New grad hired to Med-Surg. What should I review, if anything?


After almost 7 months of applying for jobs I got offered a hospital position on a Med Surg floor. I have a couple of weeks before my orientation starts.

Did you review anything before starting? Med Surg, meds, and skills, seems like so much information to try to review. I don't know if I should take it easy and relax or start reviewing. Advice appreciated. Thanks! :nurse:


3 Posts

Specializes in Med-Surg, Orthopedic, Emergency. Has 5 years experience.

Relax, no worries, your on orientation for several weeks. Take it day by day, if at end of day you do not understand procedures and or clinical advice your preceptor taught you, then go review until it makes sense. You will most likely soon find out that you remember a lot more than you think.

Specializes in LTC. Has 6 years experience.

Congrats on getting a job! Everything will come together. It never hurts to pull out an nclex book for review.

joanna73, BSN, RN

1 Article; 4,767 Posts

Specializes in geriatrics.

I would spend some time reviewing your medication classes, a few common procedures, and maybe some of the more common diseases such as stroke, MI, diabetes, renal need to know common signs and symptoms for these illnesses.

Although you're on orientation, some prep work can't hurt. Your preceptor will expect that you know the basics.


72 Posts

Specializes in Med/Surg, Telemetry, SICU. Has 1 years experience.

Congrats on the job! You knowledge and skills will grow tremendously. In my experience, I learned SO much more on the job than reviewing. Your employer does not expect you to know everything, just to be willing to learn. It wouldn't hurt to review common diseases as the poster above me suggested since you will become very familiar with them in your new job. It also would help to review basic rhythms (if your unit has telemetry.) Also know how to locate your organization's policies and procedures since that is an important reference to know. Good luck to you! :)

Specializes in Complex care, tele. Has 1 years experience.

Definitely review your meds and your commonly seen diseases. I've been a nurse for over a year now, and I still review the less common medical conditions - I often have 2 or 3 days in a row with the same patients, and I like to have an understanding of how their histories shape the patient I spend my day with. Having a face/experience to go with a condition has helped me understand the treatments and medications much better than reading the dry material in the nursing books. I might not be as knowledgeable on day one, but by day 3 I seem to have a pretty good idea of what I'm doing.


23 Posts

Congratulations! If you have a smart phone, Lippincott's has an "NCLEX Q&A" applications that I have found helpful to keep me refreshed while I have been applying for jobs. I have been applying in California for months with nothing!! What state do you live in?
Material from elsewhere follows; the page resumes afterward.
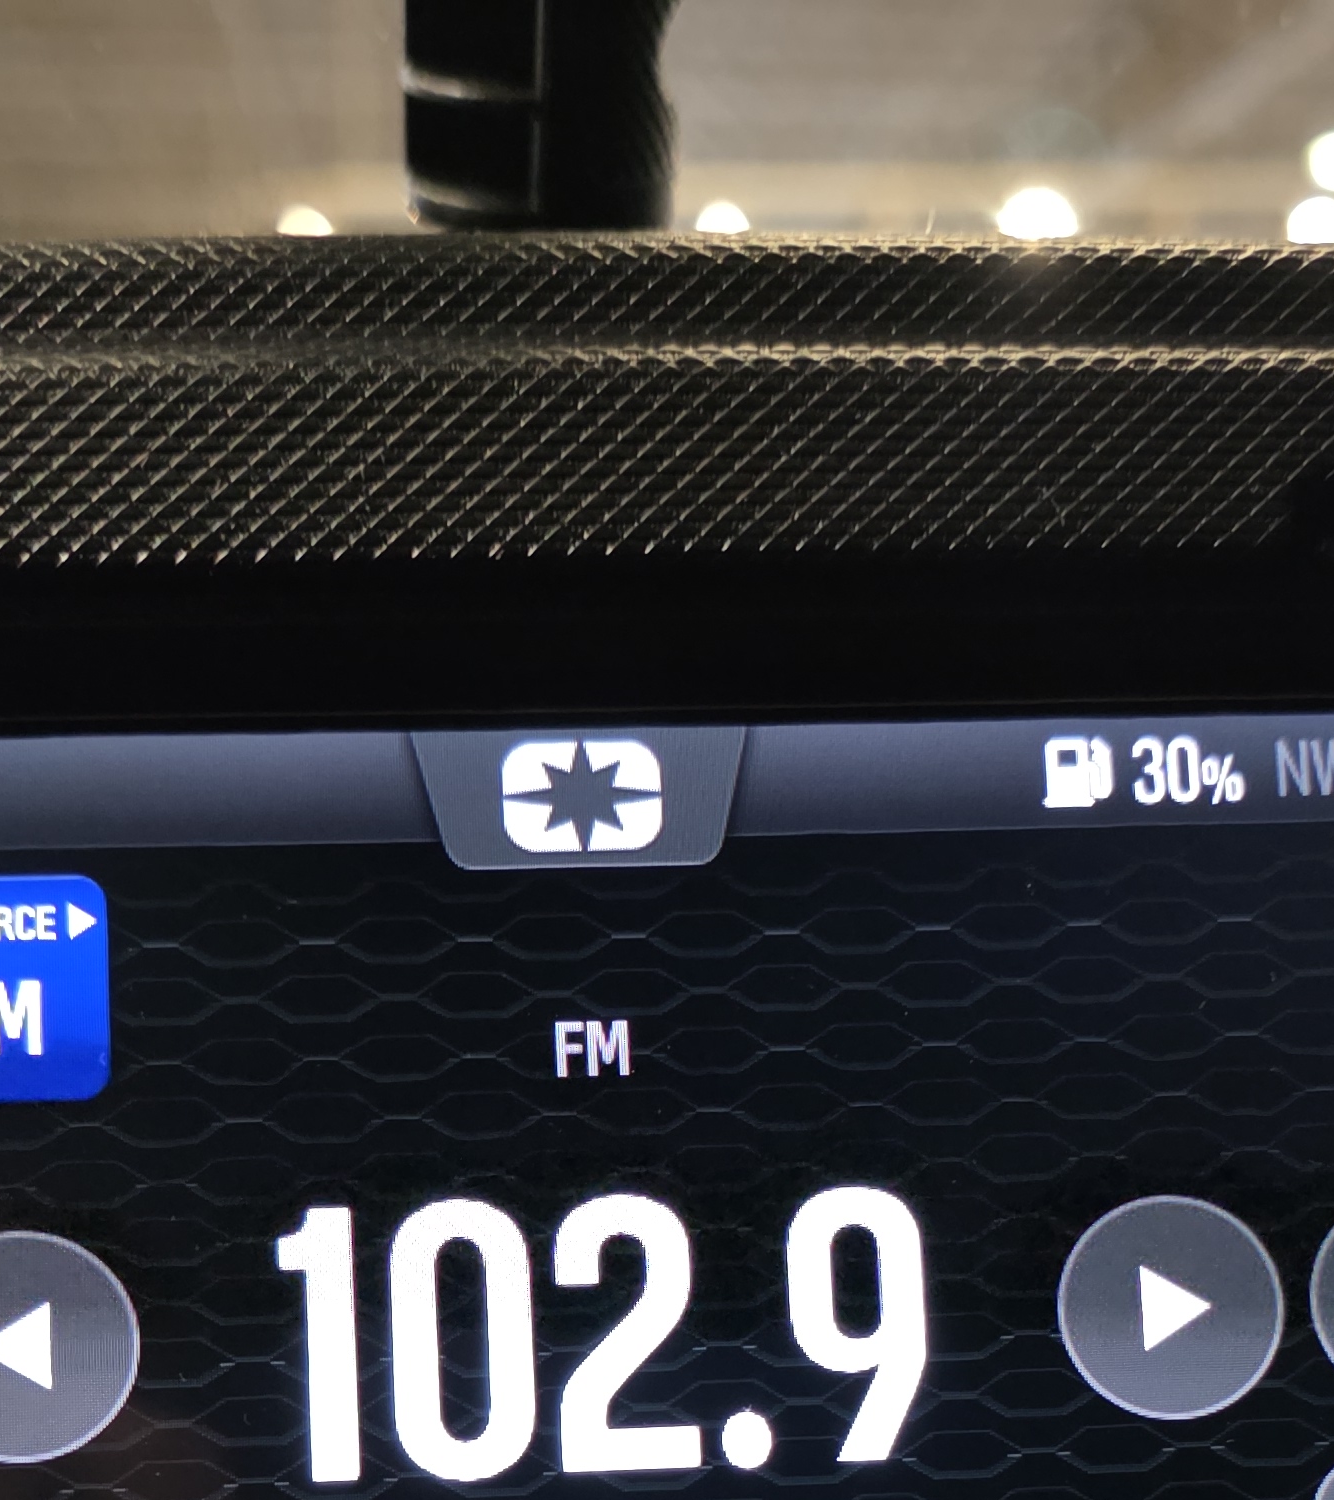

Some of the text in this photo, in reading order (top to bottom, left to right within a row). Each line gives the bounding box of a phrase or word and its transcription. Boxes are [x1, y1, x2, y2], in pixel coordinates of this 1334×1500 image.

Congratulations again, and enjoy your 2 weeks freedom!


Specializes in Rehab, critical care. Has 3 years experience.

review and relax. At the very least, spend time reviewing the most common meds dispensed, usual dosage, side effects.... lasix, bumex, protonix, pepcid, solu-cortef (which, by the way, is incompatible with many things; always check incompatibilities, and flush liberally in b/w IVP meds so you don't risk any incompatibilities), reglan, zofran, morphine, dilaudid (all the pain meds lol), cardizem, digoxin, dilantin, benzo's, etc, all of the antibiotics, phenergan (must be diluted in 10 mL NS, but usually not given peripherally if you can avoid it), heparin.

so, pretty much, know all pain meds, all anti-emetics, all abx, all anti-coags, all anti-anxiety meds, oh, and insulin and hypoglycemic protocols, too, and BP/rate control meds. Good luck! Reviewing helps build your knowledge base, but you will learn much more from exposure and experience. Knowing your pharm is imperative for pt safety (holding meds, etc) and knowing that hey, maybe they're anxious and tachy b/c I (or RT) just gave them their first breathing tx. Or hey, maybe that guy next door can't breathe now b/c I gave an asthmatic metoprolol lol (which apparently isn't usually an issue in asthmatics under good control; I don't know, though, haven't encountered this lol. (anyway..the point is, you know your stuff so that you can question orders that just don't seem right, and you know more than you think you do. You know enough to know when something is way off, like hey, morphine 100 mg...that can't be right lol), etc.